August 6 marks the 68th anniversary of a truly
horrific example of state sponsored terrorism.
It was on this date that the United States government dropped a nuclear
bomb on the city of Hiroshima, Japan.
This was followed by an even more callous example of state sponsored terrorism
three days later, with the nuclear bombing of Nagasaki.
There was no military reason for these acts of state
sponsored terrorism. This military myth
has been exposed for the lie that it is.
Don’t take my word for it: ask
Admiral Leahy and General Eisenhower.
That the myth persists, even after such voices as these expose the lie,
is a testament to the expert capabilities of the indoctrination schemes of
public education and mainstream media.
I have previously written about an eyewitness account to
this devastation. Technically, I guess I
didn’t write much of my own material – primarily I cited
the testimony of Dr. Shuntaro Hida, a medical officer that survived the
crime. His words add feeling to the pictures.

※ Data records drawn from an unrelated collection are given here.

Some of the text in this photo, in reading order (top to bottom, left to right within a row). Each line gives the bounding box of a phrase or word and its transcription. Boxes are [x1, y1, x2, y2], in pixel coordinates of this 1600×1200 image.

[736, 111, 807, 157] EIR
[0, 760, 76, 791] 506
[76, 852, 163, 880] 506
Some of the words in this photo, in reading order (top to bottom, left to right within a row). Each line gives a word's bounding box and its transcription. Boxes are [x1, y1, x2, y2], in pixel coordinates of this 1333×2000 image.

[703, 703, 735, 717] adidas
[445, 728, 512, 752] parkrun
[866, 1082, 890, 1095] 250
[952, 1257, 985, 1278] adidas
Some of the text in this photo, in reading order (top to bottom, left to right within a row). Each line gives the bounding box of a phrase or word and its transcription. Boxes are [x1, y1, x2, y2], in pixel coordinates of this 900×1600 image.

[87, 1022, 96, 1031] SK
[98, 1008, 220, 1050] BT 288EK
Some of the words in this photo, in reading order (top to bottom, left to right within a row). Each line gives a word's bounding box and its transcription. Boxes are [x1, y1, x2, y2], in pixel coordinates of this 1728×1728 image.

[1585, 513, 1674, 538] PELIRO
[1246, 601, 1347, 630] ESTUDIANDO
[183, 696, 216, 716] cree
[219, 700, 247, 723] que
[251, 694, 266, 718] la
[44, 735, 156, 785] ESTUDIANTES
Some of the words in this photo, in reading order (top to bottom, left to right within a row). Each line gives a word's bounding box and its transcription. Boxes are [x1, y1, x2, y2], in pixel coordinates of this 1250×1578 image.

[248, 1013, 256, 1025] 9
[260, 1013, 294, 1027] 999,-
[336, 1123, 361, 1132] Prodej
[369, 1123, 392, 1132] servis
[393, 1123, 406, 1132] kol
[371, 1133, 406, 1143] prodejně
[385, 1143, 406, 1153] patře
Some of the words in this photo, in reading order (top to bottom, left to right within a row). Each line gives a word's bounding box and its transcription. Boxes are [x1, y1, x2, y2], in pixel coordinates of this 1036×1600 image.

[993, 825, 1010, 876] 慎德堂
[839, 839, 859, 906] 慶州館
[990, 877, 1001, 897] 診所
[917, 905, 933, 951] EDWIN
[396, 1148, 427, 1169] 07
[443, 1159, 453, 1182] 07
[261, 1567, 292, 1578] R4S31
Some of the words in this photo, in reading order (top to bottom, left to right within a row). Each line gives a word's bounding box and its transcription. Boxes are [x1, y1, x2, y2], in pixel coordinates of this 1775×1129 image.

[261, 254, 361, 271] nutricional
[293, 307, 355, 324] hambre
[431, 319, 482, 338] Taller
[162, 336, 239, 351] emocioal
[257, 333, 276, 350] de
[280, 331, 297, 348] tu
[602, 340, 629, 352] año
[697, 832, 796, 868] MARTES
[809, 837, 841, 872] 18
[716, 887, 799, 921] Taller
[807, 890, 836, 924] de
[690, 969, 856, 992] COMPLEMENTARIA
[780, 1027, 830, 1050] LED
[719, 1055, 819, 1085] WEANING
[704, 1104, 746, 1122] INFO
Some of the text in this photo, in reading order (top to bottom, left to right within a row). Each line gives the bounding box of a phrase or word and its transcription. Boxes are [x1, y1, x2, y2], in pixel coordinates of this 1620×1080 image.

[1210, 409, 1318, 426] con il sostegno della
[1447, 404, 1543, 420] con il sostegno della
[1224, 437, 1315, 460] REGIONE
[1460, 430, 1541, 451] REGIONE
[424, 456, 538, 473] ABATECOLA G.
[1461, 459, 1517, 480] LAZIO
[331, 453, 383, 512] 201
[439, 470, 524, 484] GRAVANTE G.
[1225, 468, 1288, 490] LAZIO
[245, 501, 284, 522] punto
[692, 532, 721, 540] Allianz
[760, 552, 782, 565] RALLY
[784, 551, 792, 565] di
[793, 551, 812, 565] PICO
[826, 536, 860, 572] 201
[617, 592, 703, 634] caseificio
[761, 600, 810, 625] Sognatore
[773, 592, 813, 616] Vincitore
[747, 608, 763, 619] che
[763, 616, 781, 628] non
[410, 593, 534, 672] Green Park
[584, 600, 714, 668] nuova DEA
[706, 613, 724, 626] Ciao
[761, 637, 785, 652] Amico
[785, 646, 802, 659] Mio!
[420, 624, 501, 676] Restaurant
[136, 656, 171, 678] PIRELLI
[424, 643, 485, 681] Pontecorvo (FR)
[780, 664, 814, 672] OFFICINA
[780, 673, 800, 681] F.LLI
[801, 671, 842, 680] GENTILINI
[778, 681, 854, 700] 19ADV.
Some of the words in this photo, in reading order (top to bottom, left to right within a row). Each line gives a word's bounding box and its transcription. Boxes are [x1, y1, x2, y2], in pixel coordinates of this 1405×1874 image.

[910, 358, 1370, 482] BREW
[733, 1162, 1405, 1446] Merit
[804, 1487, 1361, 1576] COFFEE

The prosecution rests its case.
I will take a similar approach here. I offer, without comment, the words from three
sources: first, the editors of Commonweal, writing just a few short days after
the bombing (note the mocking tone of this editorial); second, Paul Boyer,
writing for the minority voice – those voices not cheering the act of terrorism. Finally, a succinct comment from Albert
Camus, nicely summarizing this criminality.
All three selections are from the volume “Hiroshima’s
Shadow.”
I will caution: take note how many times the word “we” is
used when describing the act, the guilt, and the shame. Sadly, even in the righteous work of these
courageous critics in condemning this state sponsored terrorism, they have
contributed to the state-legitimizing language of collective responsibility.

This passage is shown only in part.